WTF? Does it just loop over and over, it can't possibly be unique the whole way through.
http://news.bbc.co.uk/2/hi/entertainment/arts_and_culture/8252444.stm
Quote
Longest piece of music goes live
The world's longest piece of music is being performed live for the first time on a unique 20-metre-wide instrument at a concert at The Roundhouse in London.
The Longplayer is a 1,000-year-long composition by Jem Finer and is played out by computer at several public listening posts around the world.
It began playing on 31 December 1999 and will continue - without repetition - until the last moment of 2999.
The live performance will play a 1,000 minute section of the music.
The performance began on Saturday morning and continue until the early hours of Sunday morning.
It was in 2002 that Finer - who was also one of the founding members of pop group The Pogues - developed a score for the music.
It allows the piece to be played as an orchestral installation comprising of six concentric rings of Tibetan singing bowls.

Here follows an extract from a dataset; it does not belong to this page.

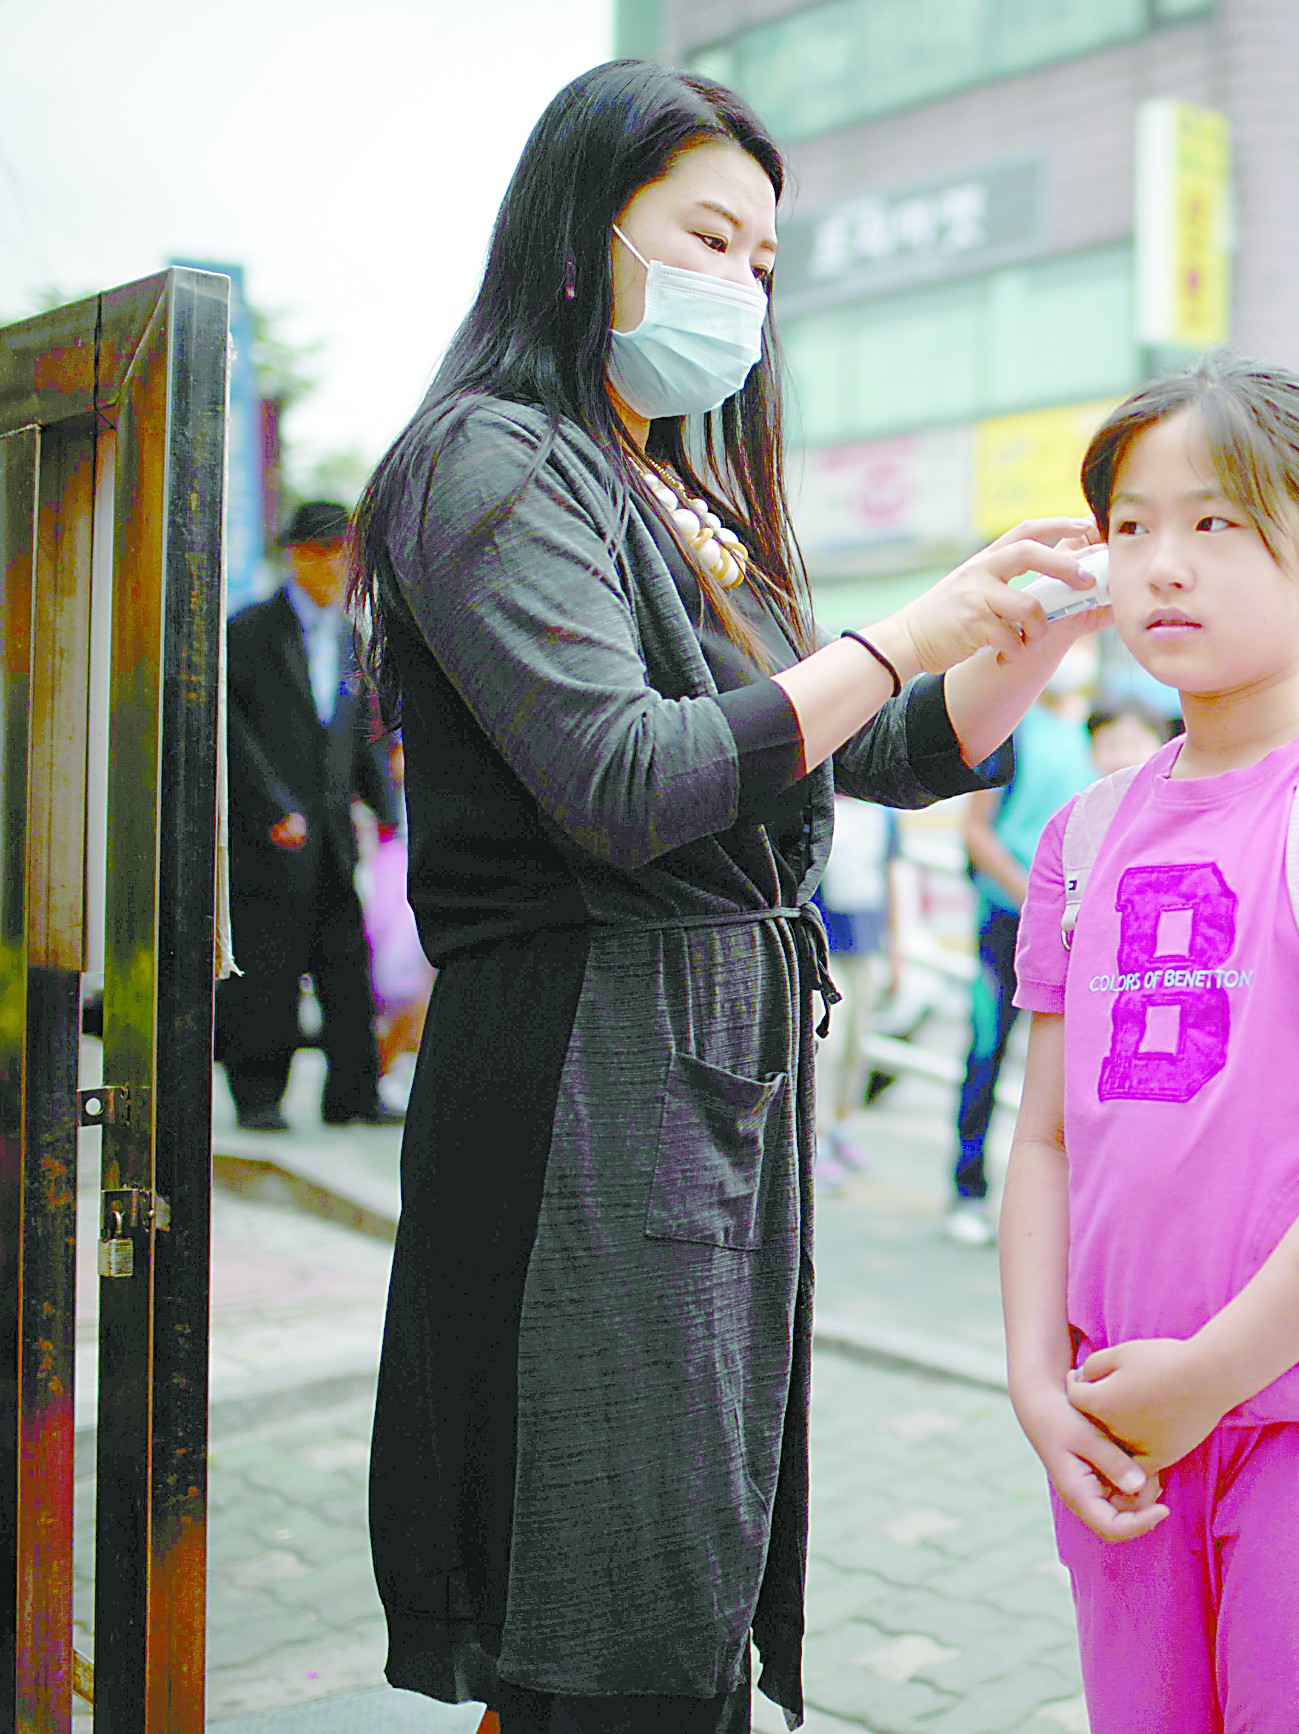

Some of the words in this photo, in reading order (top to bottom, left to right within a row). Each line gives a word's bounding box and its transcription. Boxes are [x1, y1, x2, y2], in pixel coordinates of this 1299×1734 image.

[1089, 972, 1141, 993] COLORS
[1143, 970, 1163, 990] OF
[1163, 968, 1254, 990] BENETTON
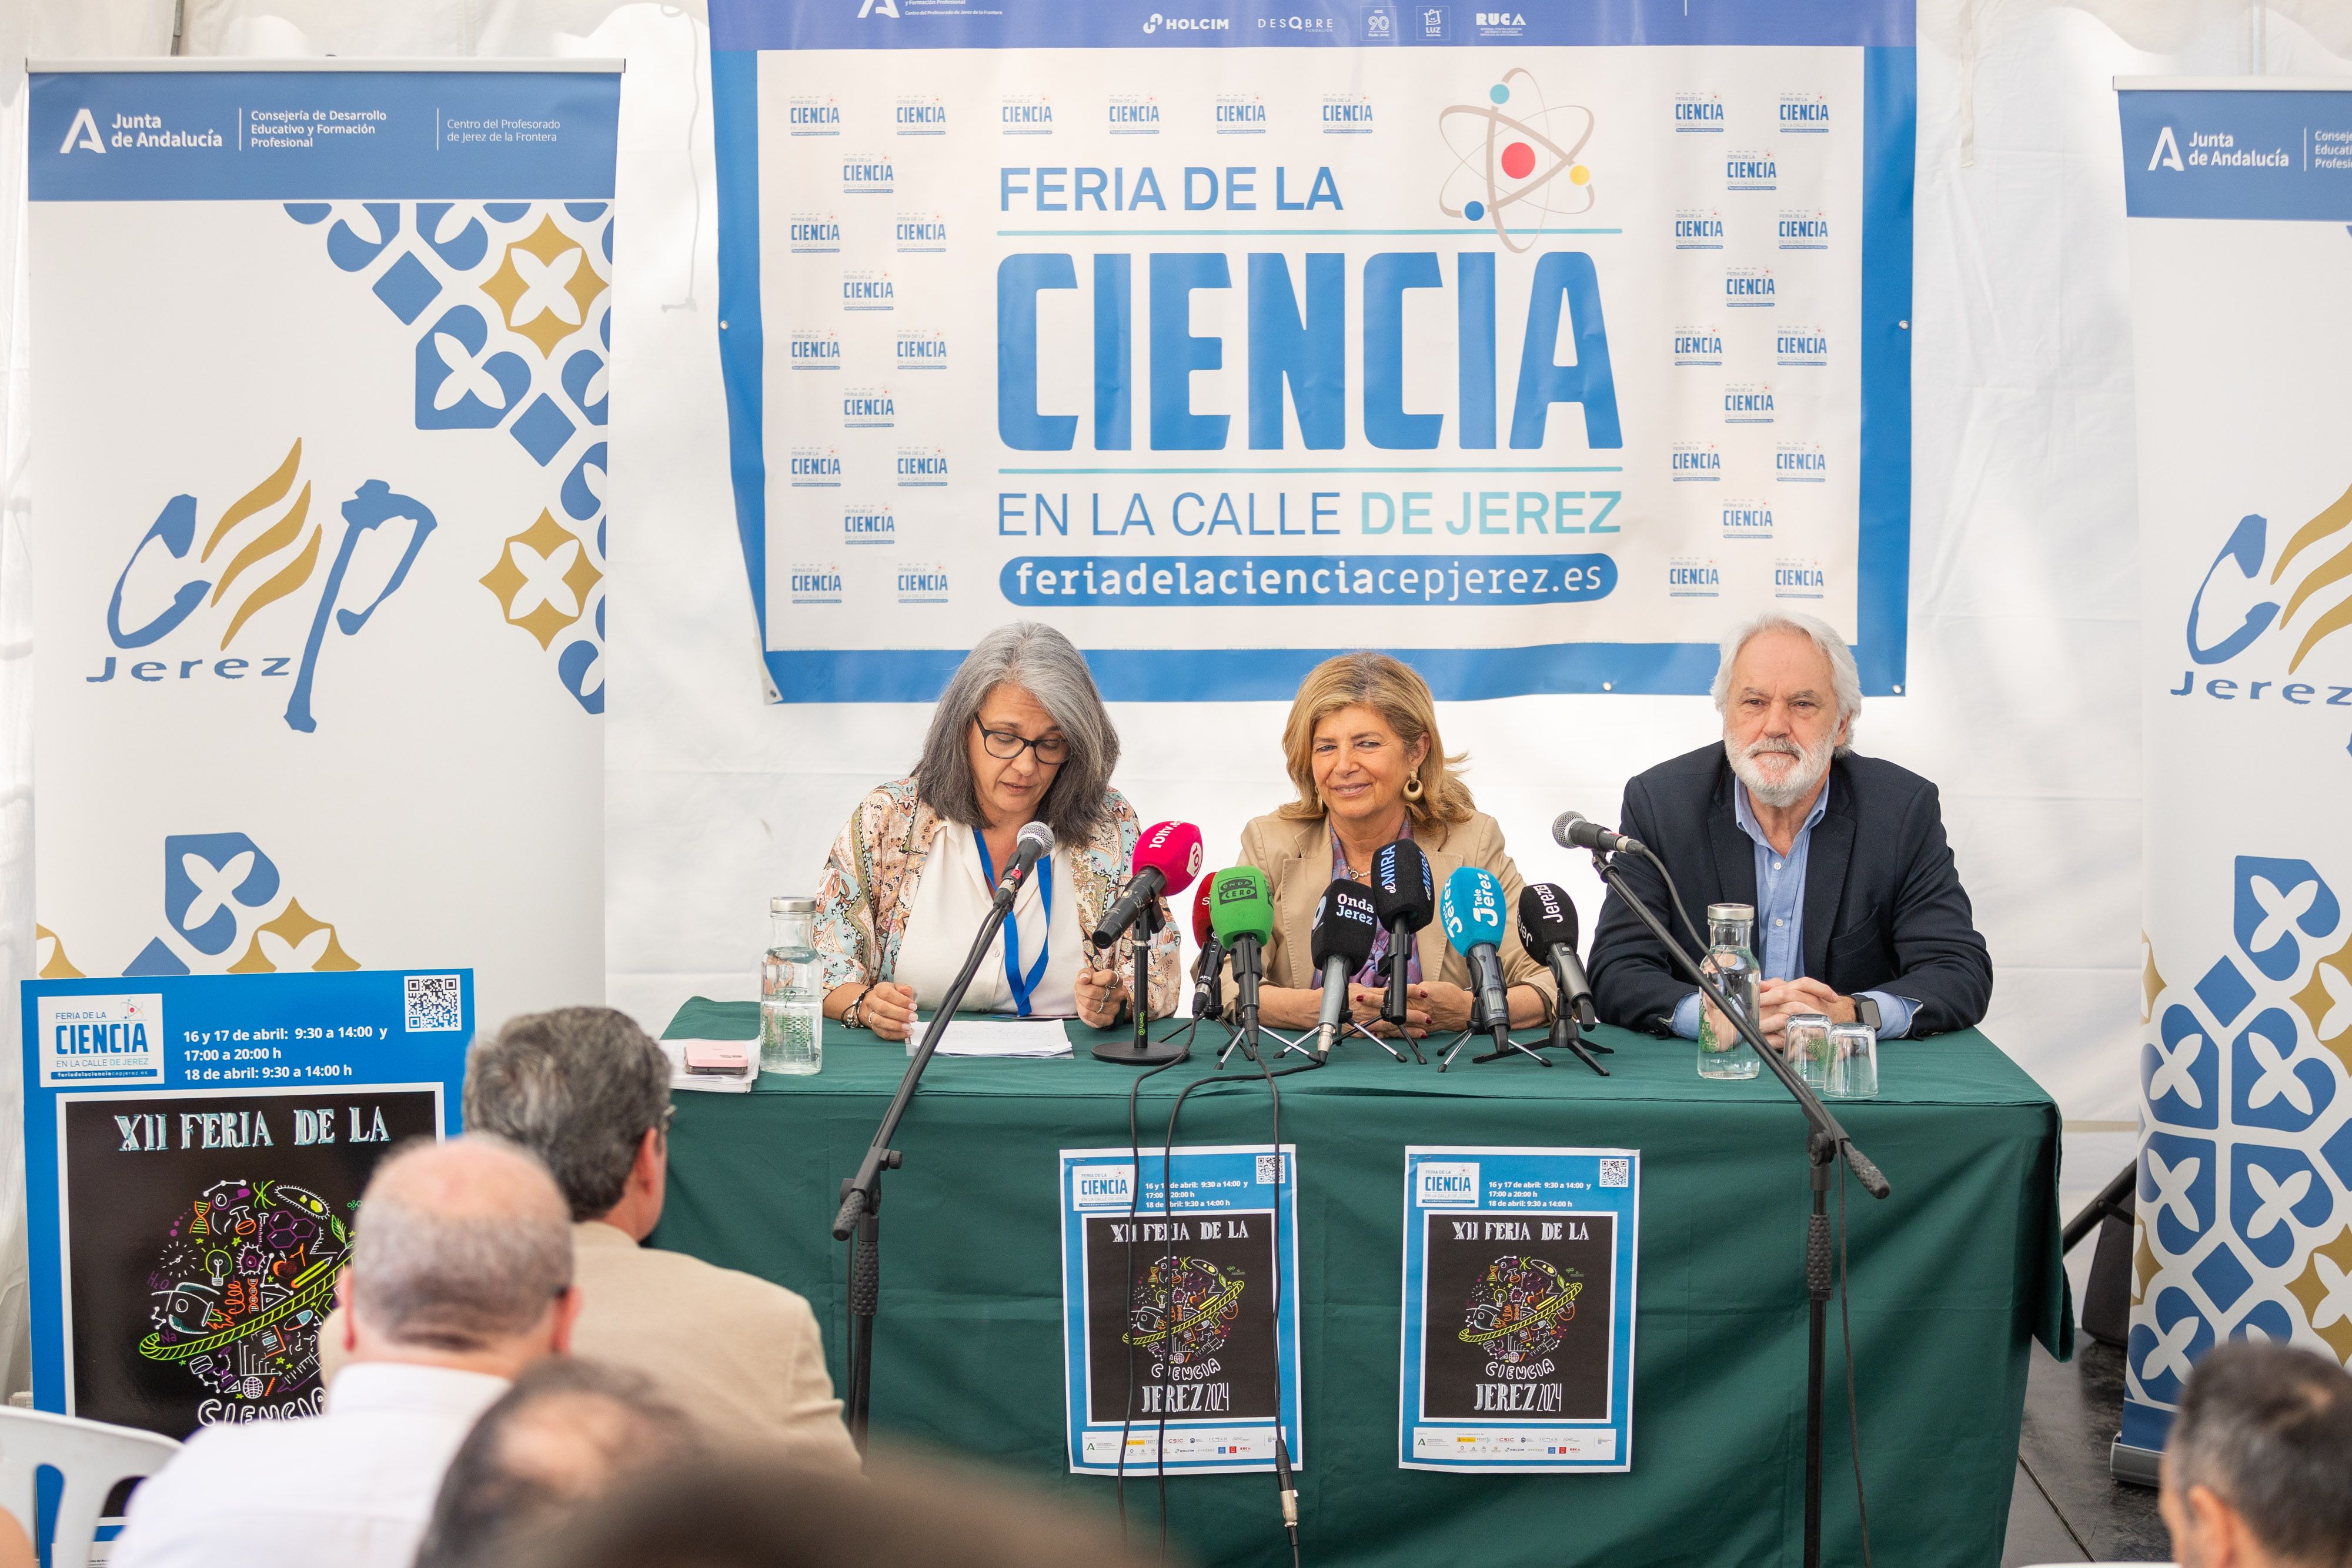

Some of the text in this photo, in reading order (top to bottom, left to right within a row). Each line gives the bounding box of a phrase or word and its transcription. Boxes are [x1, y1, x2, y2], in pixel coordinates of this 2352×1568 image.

It is this arrangement that is being performed at the Roundhouse concert.
The Longplayer is continually played out at its flagship location, the Lighthouse in Trinity Buoy Wharf in London, but listening posts are also stationed in Australia, Egypt and the US.
It'll stop when the power goes out.
Quote from: Neil on September 12, 2009, 06:08:26 PM
It'll stop when the power goes out.
It is powered by Timmayesque retarded exuberance. :contract:
Quote from: The Brain on September 12, 2009, 06:11:38 PM
Quote from: Neil on September 12, 2009, 06:08:26 PM
It'll stop when the power goes out.
It is powered by Timmayesque retarded exuberance. :contract:
Then it'll stop when humanity becomes extinct, which will be well before 2999.
OK....WTF.
Sounds dumb, they couldn't possibly have written such a thing.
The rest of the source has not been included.